Talukdar Moniruzzaman’s analysis of post-colonial states offers another perspective on Bangladesh’s civil-military relations. He posits that the military’s interventionist tendencies stem from its colonial origins. The British Indian Army was structured to maintain imperial control rather than function as a professionalized national defence force under civilian oversight. This institutional legacy persisted post-independence, fostering an interventionist and anti-democratic orientation within Bangladesh’s armed forces.
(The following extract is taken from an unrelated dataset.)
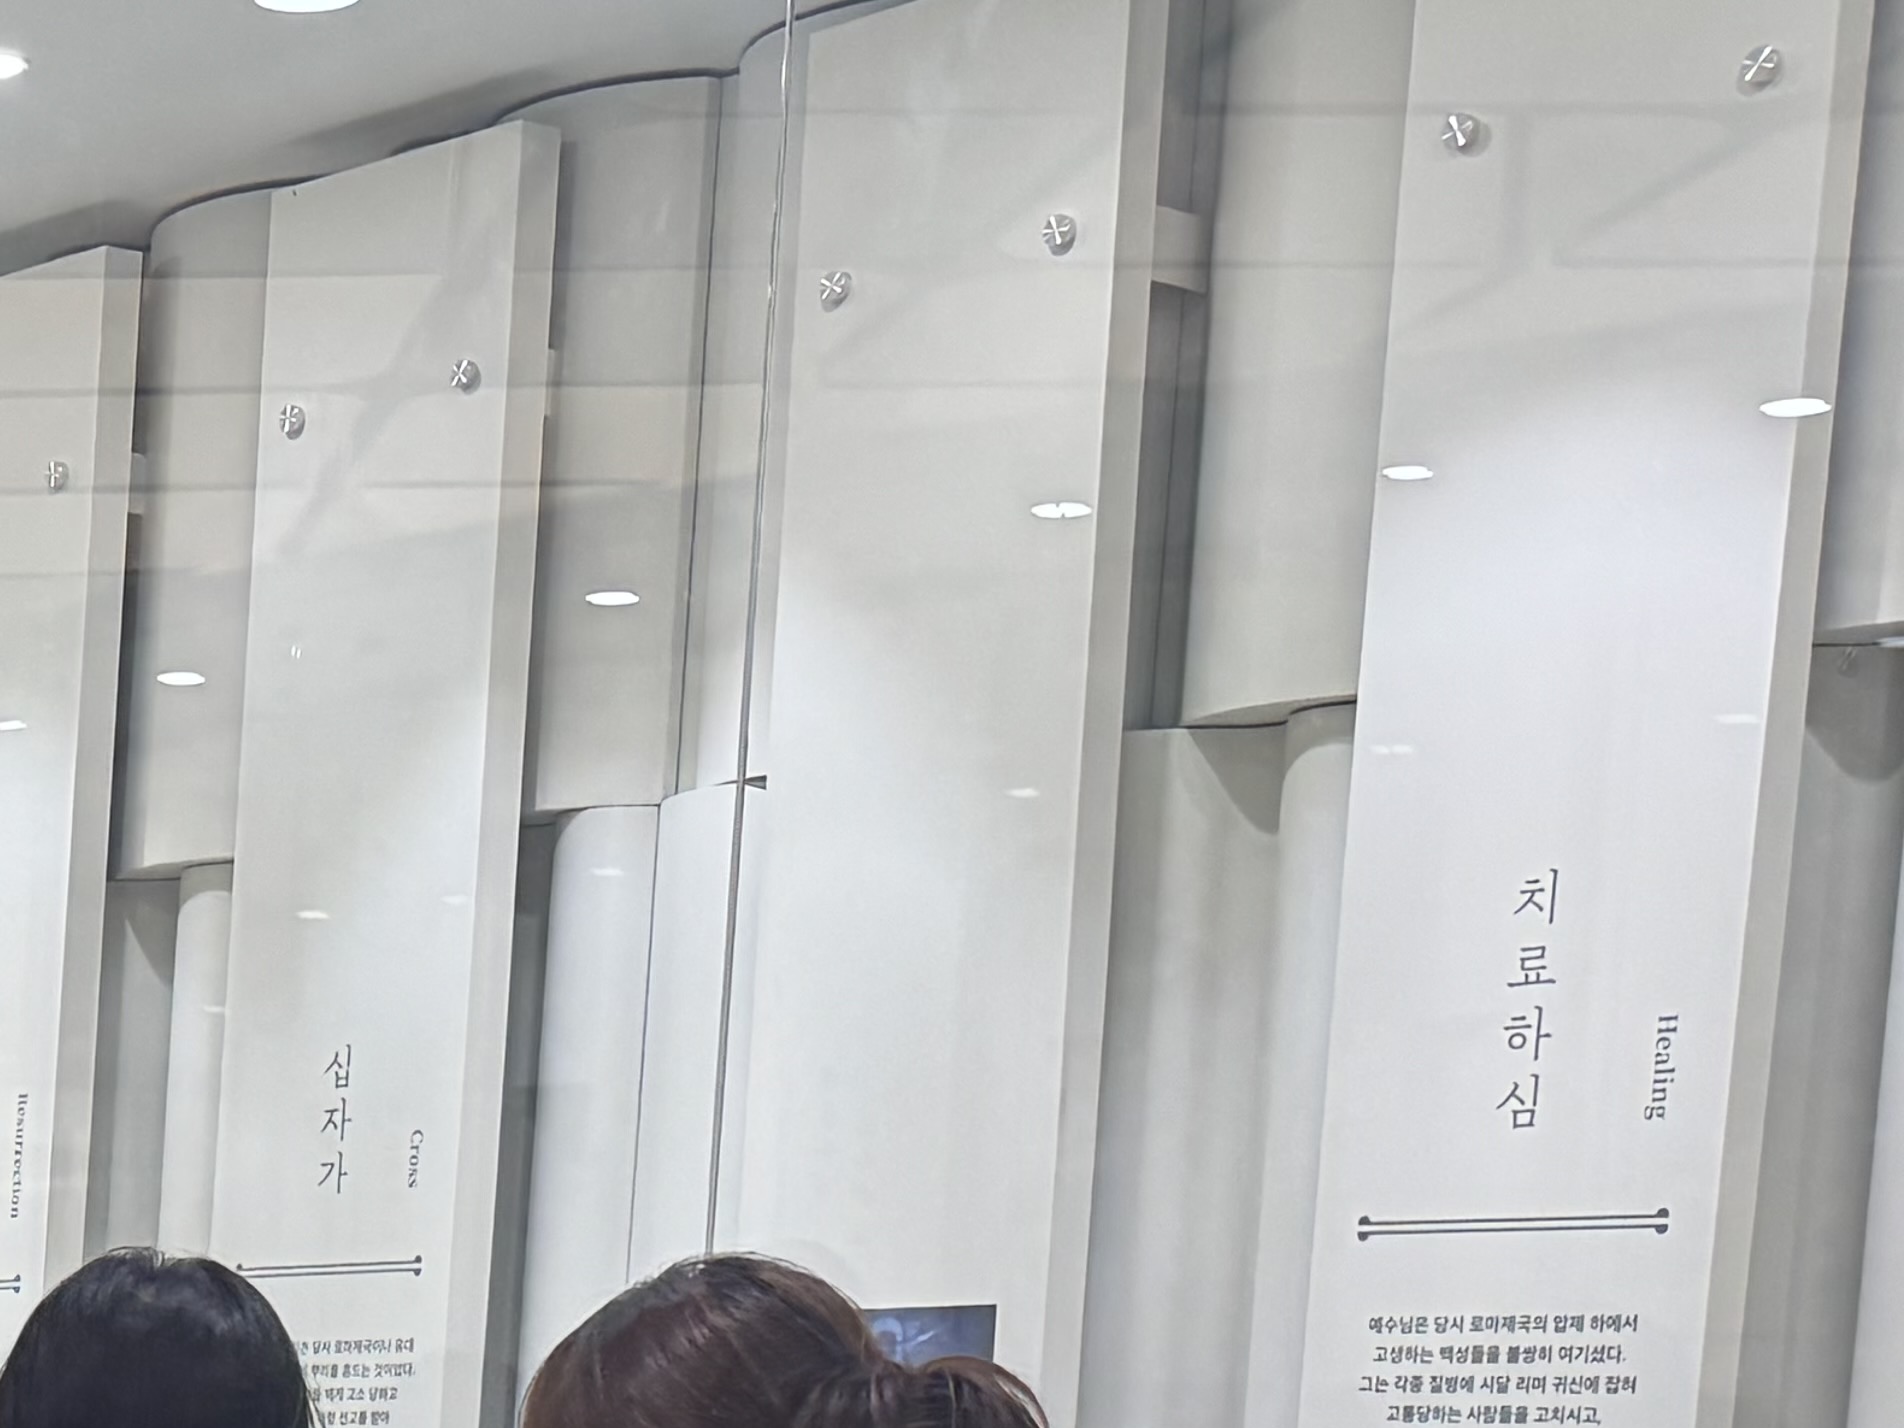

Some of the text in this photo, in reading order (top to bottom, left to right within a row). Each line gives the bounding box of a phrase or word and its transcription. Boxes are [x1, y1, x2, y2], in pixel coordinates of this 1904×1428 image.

Moniruzzaman contends that the military’s self-perception as the ‘guardian of the state’ is a direct product of this colonial inheritance. This mindset has justified successive interventions in governance, from the coups of the 1970s and 1980s to the military-backed caretaker government of 2007–2008. The pattern is consistent with other post-colonial experiences, particularly in Pakistan, where the military sees itself as the ultimate arbiter of national stability, shaping both domestic and foreign policy.

Huntington’s 1961 article, Inter-service Competition and the Political Roles of the Armed Services, highlights another dimension of Bangladesh’s civil-military dynamic — the absence of meaningful inter-service rivalry. In many states, competition between military branches acts as an internal check on political intervention. However, in Bangladesh, the Army has historically dominated national security policymaking, with the Navy and Air Force relegated to secondary roles. Unlike in Latin America or the Philippines, where inter-service competition occasionally tempered military juntas, Bangladesh’s hierarchical structure has facilitated the Army’s preeminence in governance.

This dominance is further reinforced through budgetary control, promotion mechanisms and institutional appointments. The Navy and Air Force, while crucial in regional security and modernisation, have remained largely disengaged from political affairs, enabling the Army’s consolidation of influence with minimal internal resistance.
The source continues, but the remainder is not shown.